● **To do**: Leave out the pictures and print the records below exactly.

[Spatial localization data]
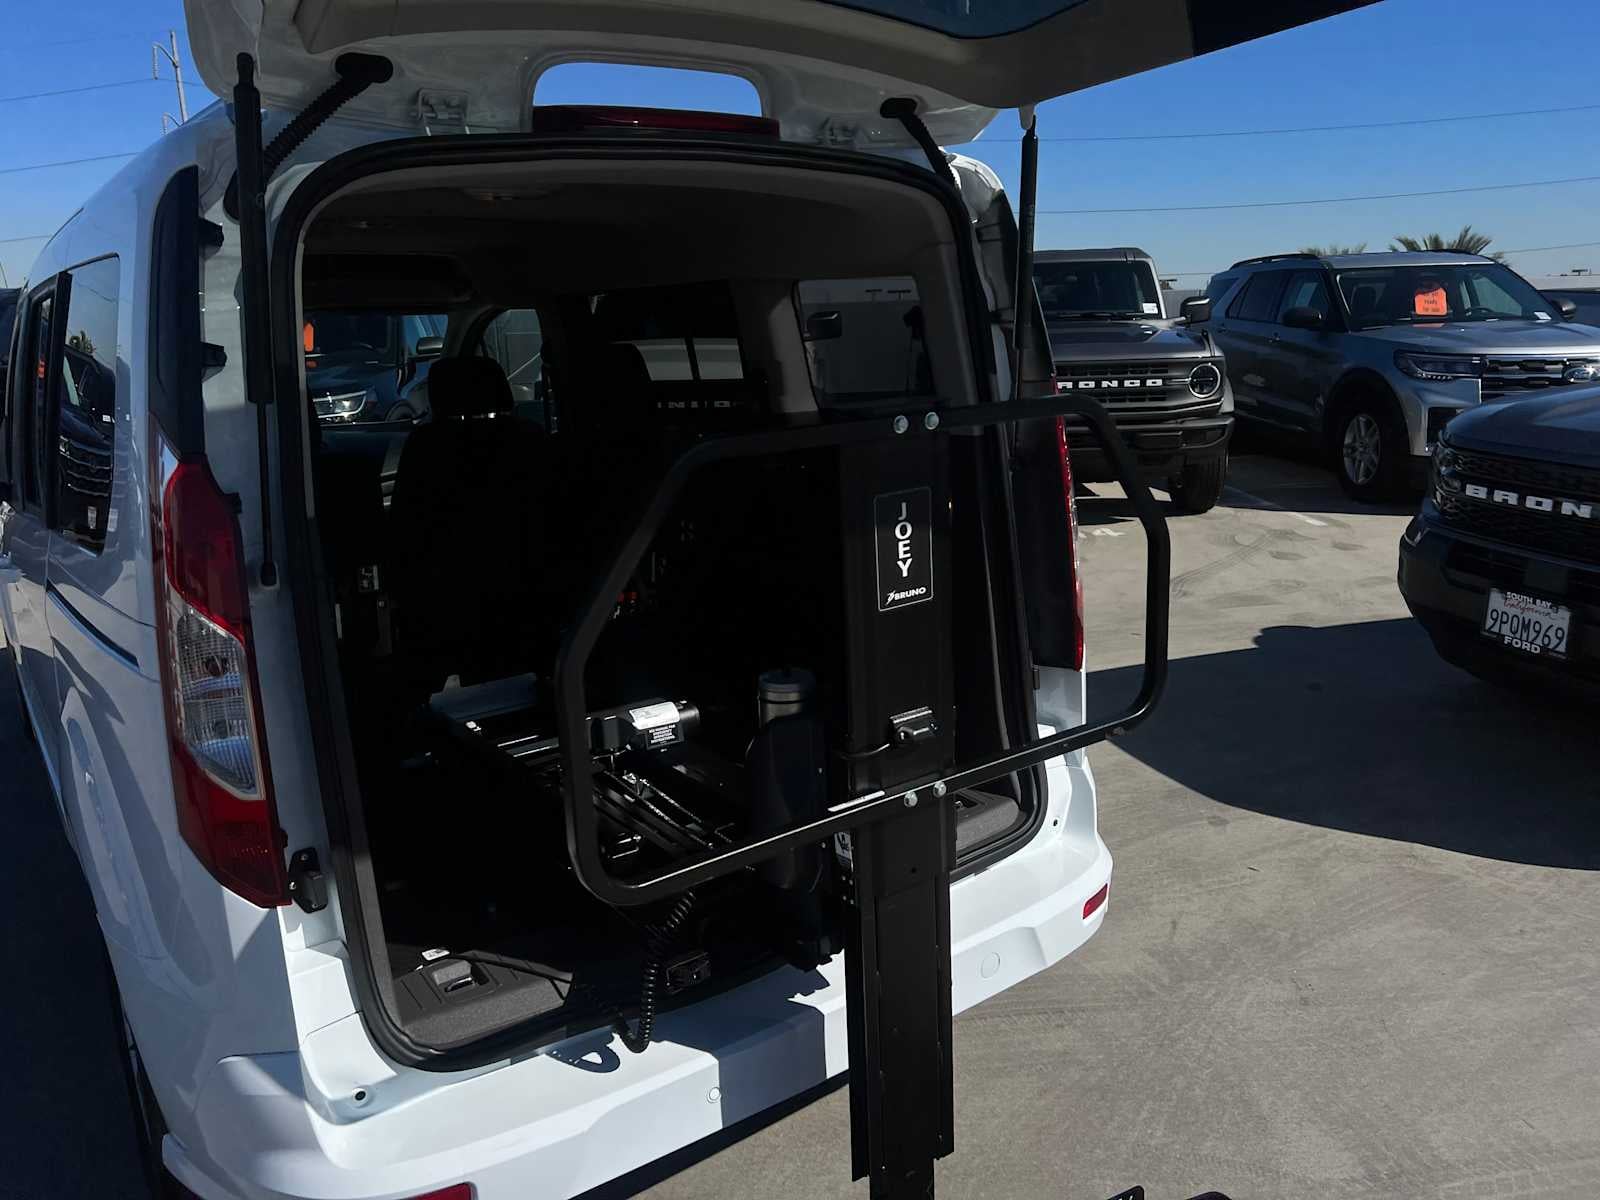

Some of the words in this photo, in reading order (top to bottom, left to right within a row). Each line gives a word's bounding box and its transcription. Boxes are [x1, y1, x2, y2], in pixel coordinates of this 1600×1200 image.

[1057, 379, 1163, 389] RONCO
[1465, 483, 1593, 519] BRON
[894, 501, 913, 578] JOEY
[894, 586, 927, 601] BRUNO
[1506, 591, 1533, 604] SOUTH
[1535, 598, 1552, 609] BAY
[1503, 635, 1541, 654] FORD
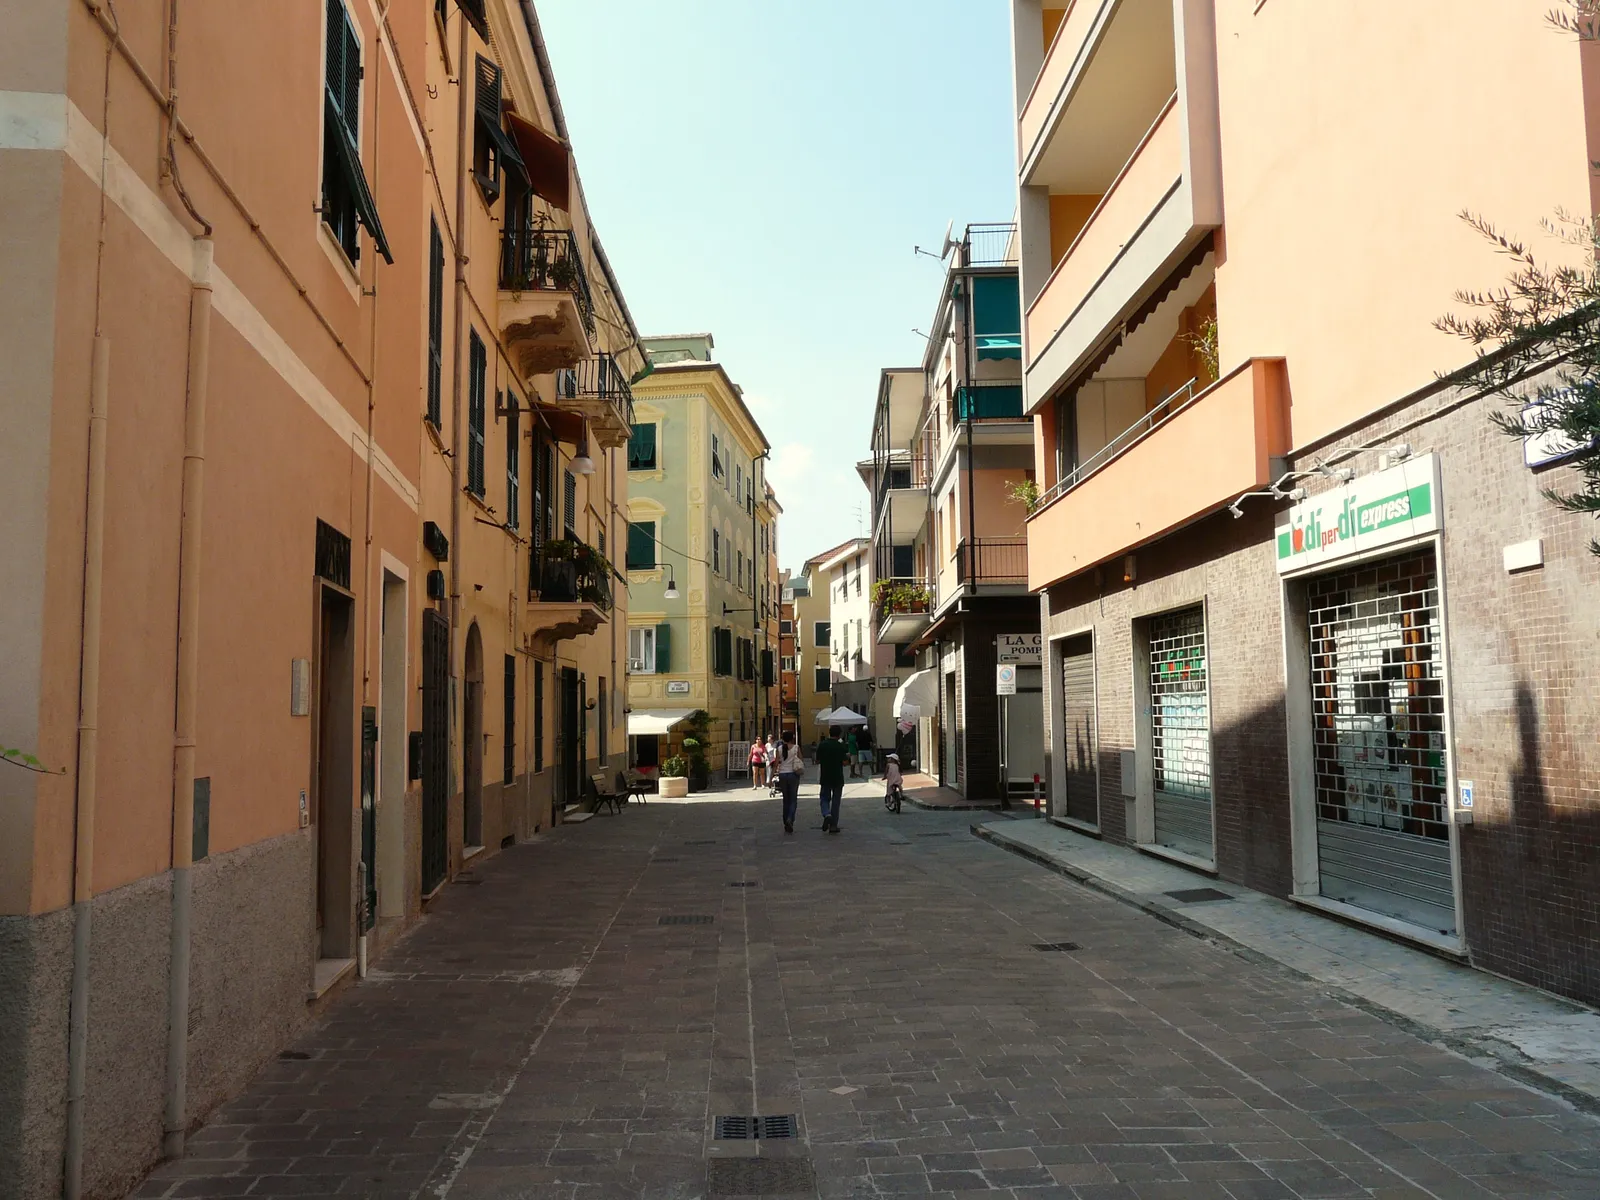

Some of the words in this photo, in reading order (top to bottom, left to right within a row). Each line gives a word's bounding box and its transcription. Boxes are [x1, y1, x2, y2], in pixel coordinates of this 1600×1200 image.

[1361, 495, 1410, 529] express
[1005, 635, 1025, 646] LA
[1011, 646, 1042, 655] POMP
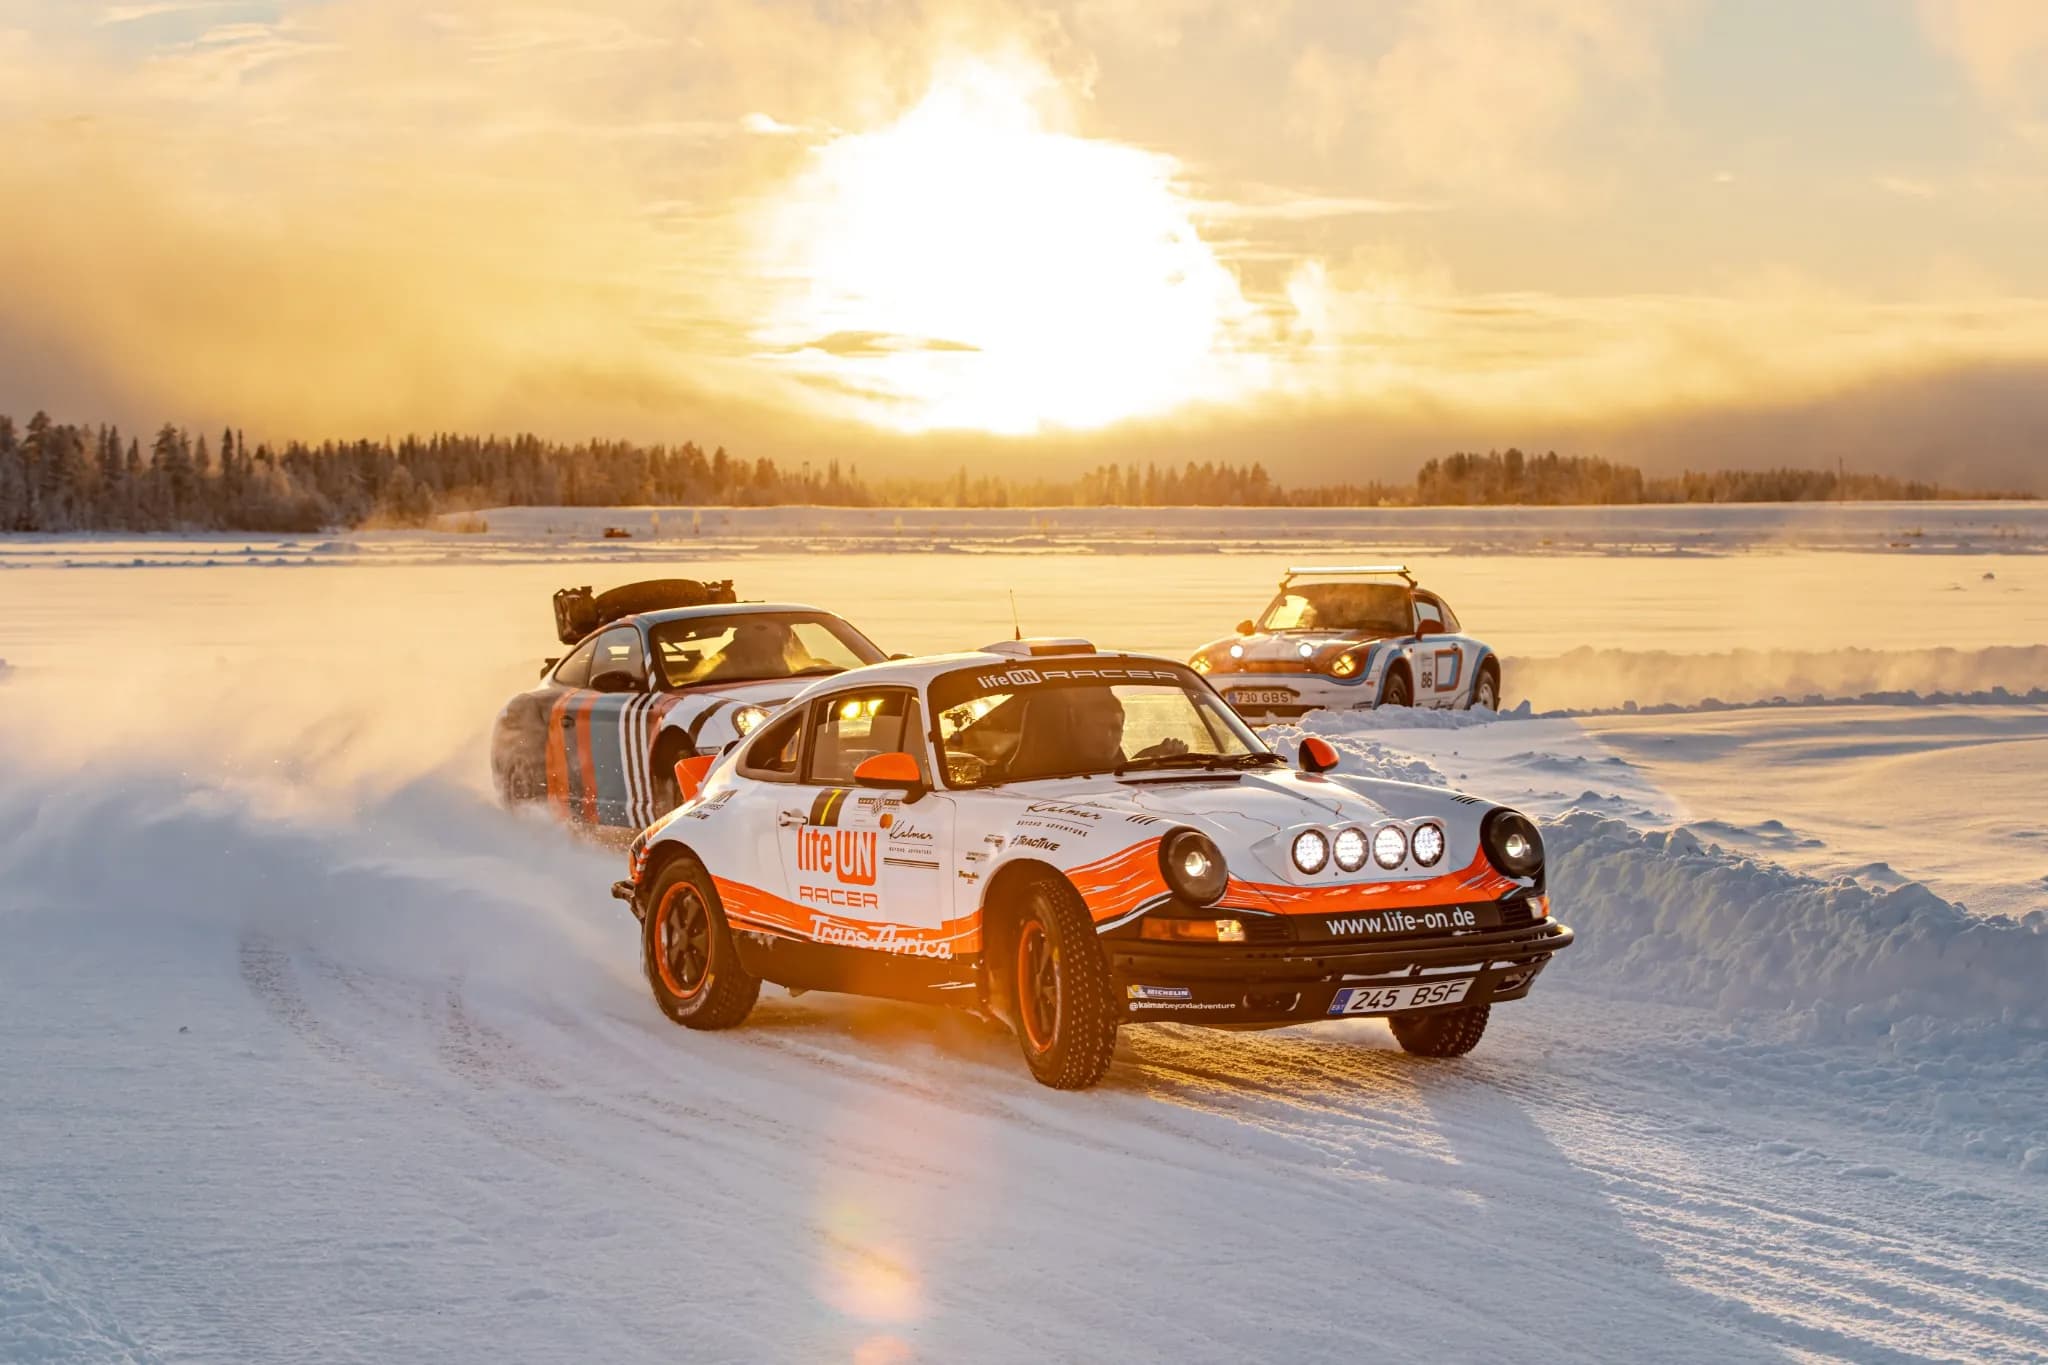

● **Exercise response**:
Some of the words in this photo, in reading order (top to bottom, left to right within a row). Each line gives a word's bounding box and its transcription. Boxes are [x1, y1, x2, y2], in pixel coordinates of this 1600×1200 image.

[1057, 379, 1163, 389] RONCO
[1465, 483, 1593, 519] BRON
[894, 501, 913, 578] JOEY
[894, 586, 927, 601] BRUNO
[1506, 591, 1533, 604] SOUTH
[1535, 598, 1552, 609] BAY
[1503, 635, 1541, 654] FORD

Some of the words in this photo, in reading order (top to bottom, left to right within a row). Each line gives a word's bounding box and its transcription. Boxes are [x1, y1, x2, y2], in pixel coordinates of this 1600×1200 image.

[1361, 495, 1410, 529] express
[1005, 635, 1025, 646] LA
[1011, 646, 1042, 655] POMP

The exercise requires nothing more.